Arrival to the US: what do you need to know?

As an Exchange visitor you have passed through many steps in order to process your visa, get the approval and finally have the stamp on your passport. It took a lot of your patience and now you are surely excited to start this adventure in the USA. However there’s nothing worse than starting a new life with obstacles at the very beginning. Having problems at the airport when you are traveling to your final destination can put a damper on the very beginning of your exchange program instead of starting off on the right foot. For this reason, we give you some tips and information to make your very last step, the arrival to the US, smooth and painless.
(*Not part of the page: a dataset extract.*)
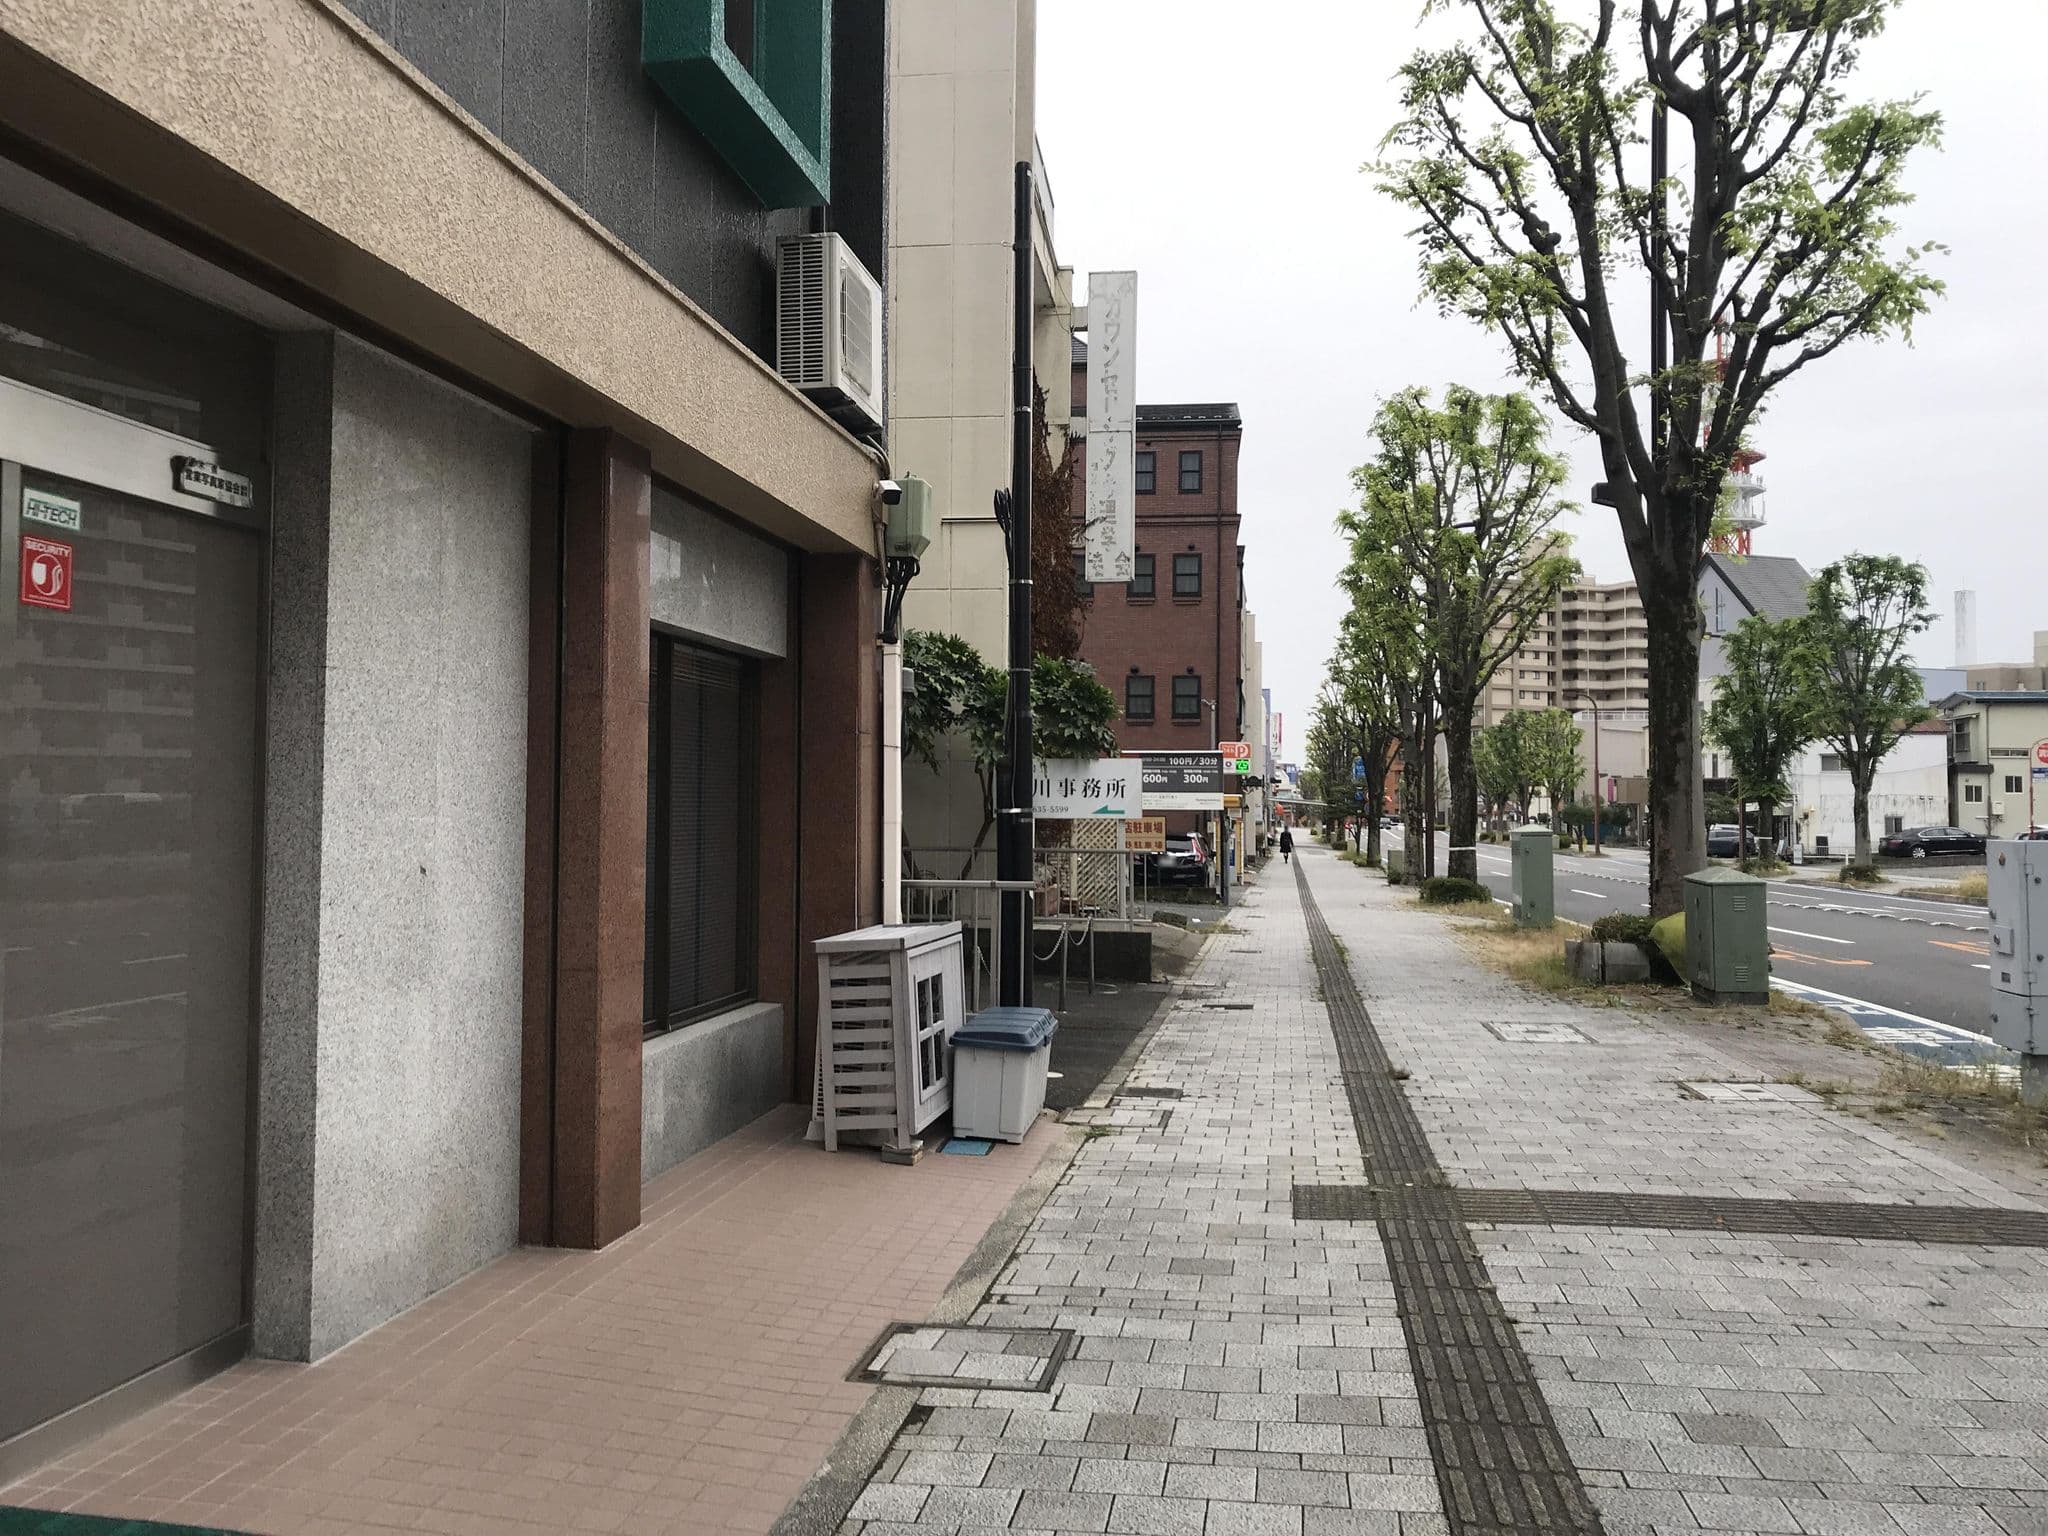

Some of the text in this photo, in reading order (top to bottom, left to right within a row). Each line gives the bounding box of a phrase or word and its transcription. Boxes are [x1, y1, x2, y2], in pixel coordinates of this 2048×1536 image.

[26, 501, 77, 527] HI-TECH
[25, 540, 71, 557] SECURITY
[1142, 774, 1168, 783] 600円
[1183, 774, 1209, 783] 300円
It all starts with packing!

When you are packing for your trip to the US, you must be careful on how to organize your suitcases. In addition to following the security specifications of the airline regarding dangerous and prohibited items in your hand and checked luggage, you must also be aware of how to pack your documents for your arrival to the US.
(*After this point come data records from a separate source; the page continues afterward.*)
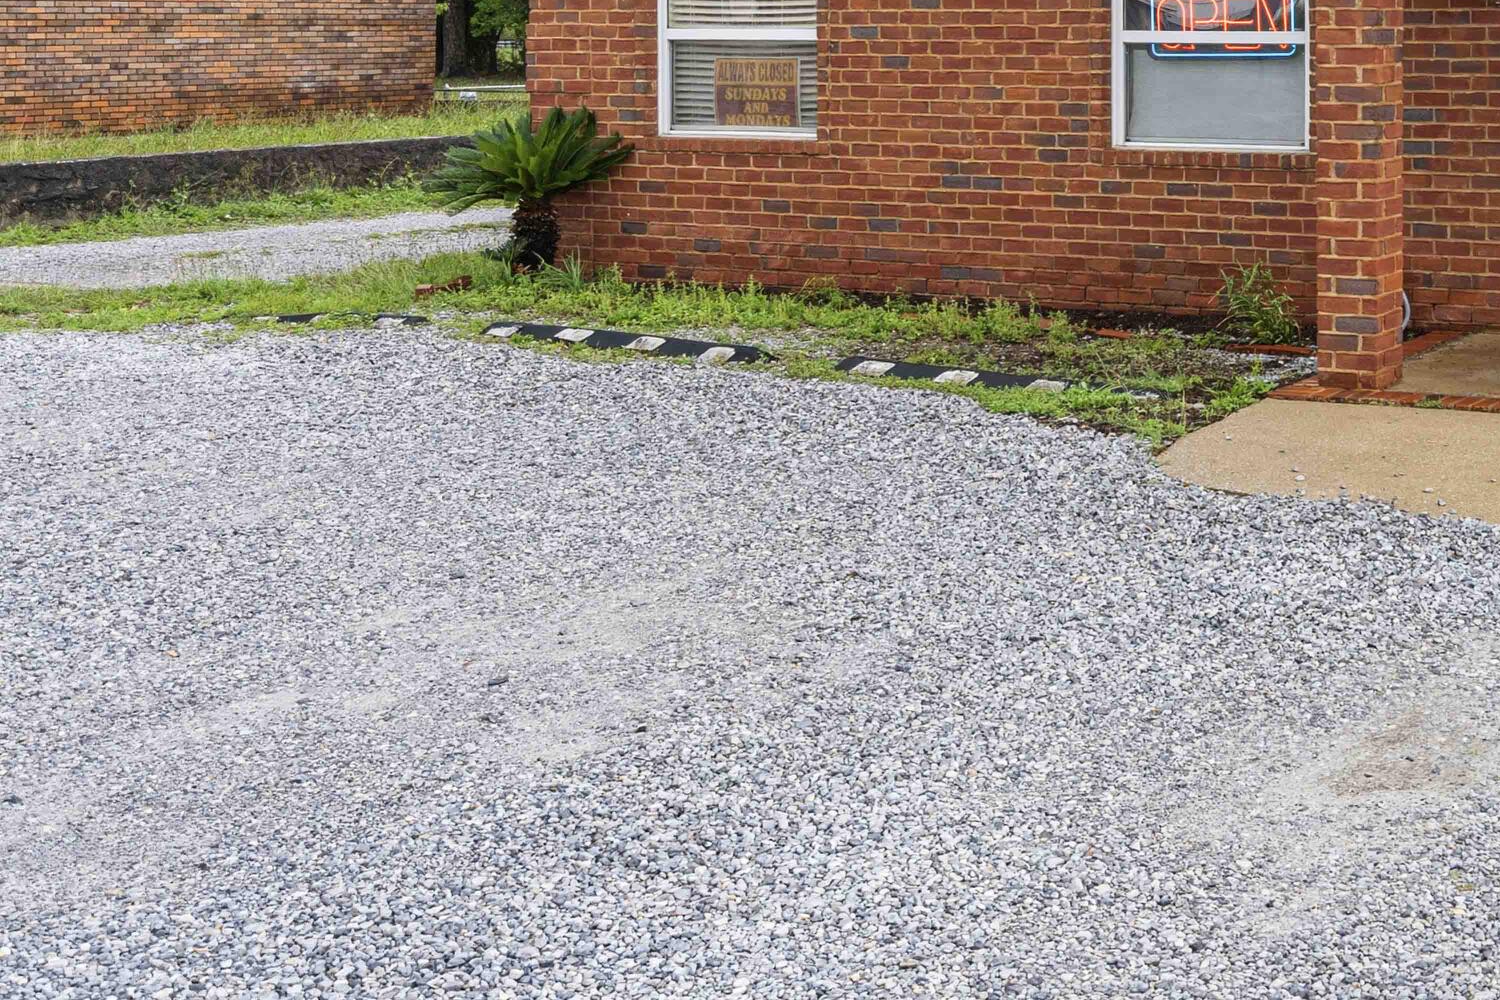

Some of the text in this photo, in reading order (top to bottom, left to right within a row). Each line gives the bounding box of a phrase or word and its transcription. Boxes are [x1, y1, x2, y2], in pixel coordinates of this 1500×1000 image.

[719, 61, 793, 82] ALWAYS CLOSED
[725, 87, 787, 101] SUNDAYS
[744, 102, 769, 113] AND
[725, 113, 791, 126] MONDAYS
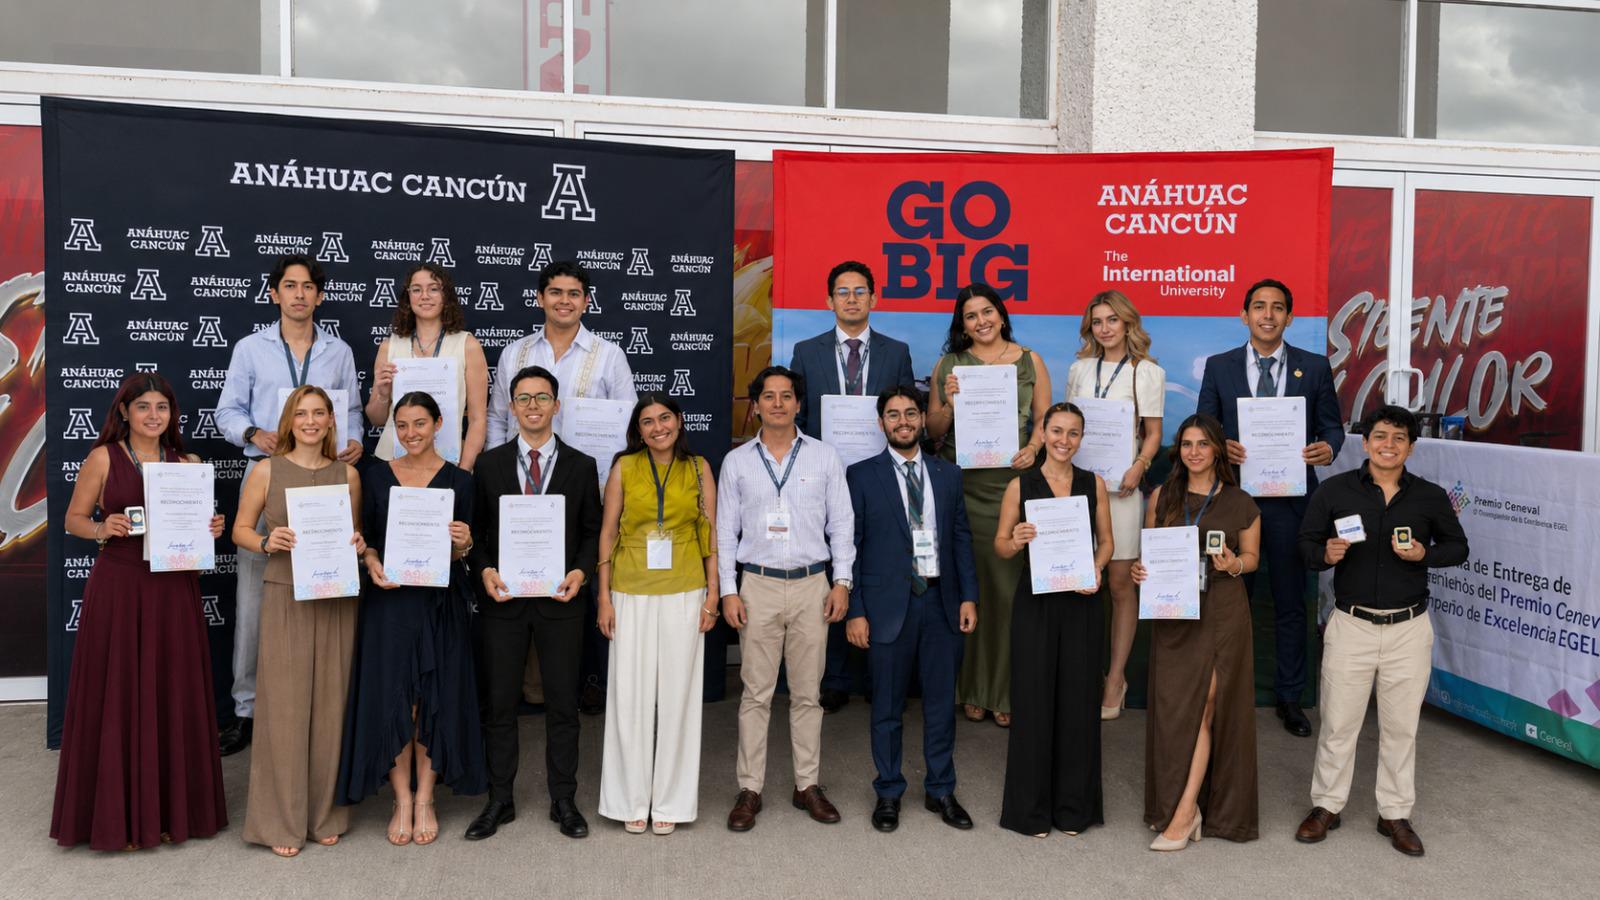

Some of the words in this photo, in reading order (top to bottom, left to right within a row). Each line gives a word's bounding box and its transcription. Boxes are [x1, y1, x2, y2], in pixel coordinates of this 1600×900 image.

[230, 158, 392, 194] ANÁHUAC
[402, 174, 527, 203] CANCÚN
[1097, 178, 1248, 206] ANÁHUAC
[886, 180, 1011, 241] GO
[1105, 207, 1238, 234] CANCÚN
[126, 226, 190, 240] ANÁHUAC
[254, 232, 313, 246] ANÁHUAC
[130, 238, 186, 251] CANCÚN
[258, 242, 309, 256] CANCÚN
[371, 238, 424, 252] ANÁHUAC
[475, 244, 526, 257] ANÁHUAC
[374, 248, 422, 262] CANCÚN
[477, 254, 522, 266] CANCÚN
[576, 249, 624, 260] ANÁHUAC
[670, 253, 714, 264] ANÁHUAC
[1104, 250, 1128, 262] The
[579, 260, 621, 270] CANCÚN
[672, 263, 711, 274] CANCÚN
[881, 242, 1029, 302] BIG
[62, 269, 126, 284] ANÁHUAC
[1103, 264, 1236, 282] International
[65, 280, 122, 294] CANCÚN
[190, 274, 252, 289] ANÁHUAC
[324, 279, 366, 292] ÁHUAC
[194, 285, 248, 299] CANCÚN
[322, 290, 363, 302] ANCÚN
[622, 291, 668, 302] ANÁHUAC
[1160, 285, 1226, 299] University
[624, 301, 664, 312] CANCÚN
[126, 318, 190, 332] ANÁHUAC
[474, 326, 524, 338] ANÁHUAC
[130, 328, 185, 342] CANCÚN
[670, 332, 714, 342] ANÁHUAC
[672, 341, 711, 352] CANCÚN
[60, 366, 124, 378] ANÁHUAC
[189, 367, 229, 378] ANÁH
[63, 377, 120, 390] CANCÚN
[192, 380, 225, 390] CANC
[635, 384, 663, 392] NCÚN
[1474, 496, 1502, 509] Premio
[1504, 501, 1540, 516] Ceneval
[1474, 560, 1488, 576] de
[1494, 562, 1548, 592] Entrega
[1554, 576, 1572, 596] de
[1478, 584, 1496, 602] del
[1501, 587, 1552, 616] Premio
[1466, 605, 1480, 622] de
[1484, 608, 1556, 644] Excelencia
[1558, 628, 1600, 657] EGEL
It will be really terrible to get to the Immigration Control line at your airport’s destination and realize that you have all your official documents in the checked luggage! It is very important to bring your documents in your hand luggage, in a way that they don’t get wrinkled, get wet or rip. The best way to store your documents is to put them in a strong plastic folder (not in a thin plastic sleeve!) and bring them in your laptop case or at the bottom of the cabin baggage, so it’s flat and protected.

You should bring with you all the papers that your sponsor sent you, but make sure you always have with you the DS-2019. This is almost like your passport, because it states all the information that the Immigration officer will need to verify your program and the validity of your visa. Double or triple check that you have it before leaving to the departure airport. And don’t move it from where it is!

Passing the Immigration Control

You have probably heard many stories of all kinds about Immigration lines and the control with the officer. Maybe all of them are true, but you must understand that there are millions of people passing through the US airports every day. Millions of cases and millions of stories that aren’t necessarily related to your personal case. First of all, the Exchange Visitor program is NOT a working visa. The fact that you may be paid a stipend doesn’t make your visa a work permit! Do not confuse the two!

When you arrive at the Immigration line have these tips in mind and you will see how everything will go smoother than your thought.

  • Be patient: we know you are tired from a long trip and sometimes the time in the Immigration line can be long (more than 1 hour in some cases). However, keep calm and try to entertain yourself while not disturbing the normal flow of the line (don’t stop or bother people behind you).
  • Don’t take pictures: we understand that you are probably very excited to have arrived to your final destination, but remember that airports have special security conditions. In the hall where you wait on the Immigration line, it is strictly forbidden to take pictures for security reasons. Some airports don’t even allow phones in that area, so be aware of the signs pertaining to this restriction and never take pictures. Try to as well limit the use of your phone and don’t have long telephone conversations on the Immigration line, even when phones are permitted.
  • Have your papers ready: while you are waiting in line, get your documents from your baggage and have them ready together with your passport. This way you will avoid delaying the Immigration check.
  • The best interview is a simple one: when you arrive at the Immigration control, the Immigration officer will ask for your passport and as many documents as he/she understands are necessary to validate your entry into the US. Normally for Exchange visitors they ask for the DS2019 only, but they can inquire about more documentation provided by your sponsor, your host company or others. Other requested documents may include: proof of funds or proof of a clear intention to leave the States after the program. The officer will also ask you some questions about your program or your situation on arrival. They may also ask you if you have visited the US before. If you are asked about what you will do in the US, you must clarify that you are under a training program, coming to learn and improve your skills (remember! It is not a work permit!). Following the same advice that we stated in the US embassy interview preparation, remember that for you this is a unique moment, but the officer sees hundreds of people like you every day. Be nice, be respectful, and give clear and precise answers to only what they are asking. In case you don’t understand some question, ask nicely if they could please repeat it.


I passed Immigration. What do I do next?

Well, obviously get your checked baggage, and if you have any items to declare (mainly if you are entering with over $10,000 USD) don’t forget to do this before you leave the baggage claim area. For this, normally, they will give you a blue document for customs on the plane. Go to your hotel, rest up and be ready for more paperwork the day after.

Upon your arrival in the US, it is very important that you make it known that you are finally at your destination. First, let the supervisor of the host company know (remember that the name, phone number and email of your supervisor is stated many times in the Training Plan). Then, you must send to your sponsor or your agent some paperwork that is necessary to activate your SEVIS and validate your J-1 status. Basically, the sponsor will “tell the system” that you arrived safely and you are starting your program. The documents you need to submit are:

  • Most recent I-94: you can get it on-line following this link: and clicking “Already Visiting and need proof of Visitor status”
  • DS2019 signed by the US Embassy (they sign and stamp it during your interview)
  • Arrival Notice (this page should be in the folder you received from your sponsor)
  • Copy of your Visa page in your passport

Once this is done, you will have to wait 7 business days and you will be able to apply for your Social Security number.

Now, the real adventure finally begins!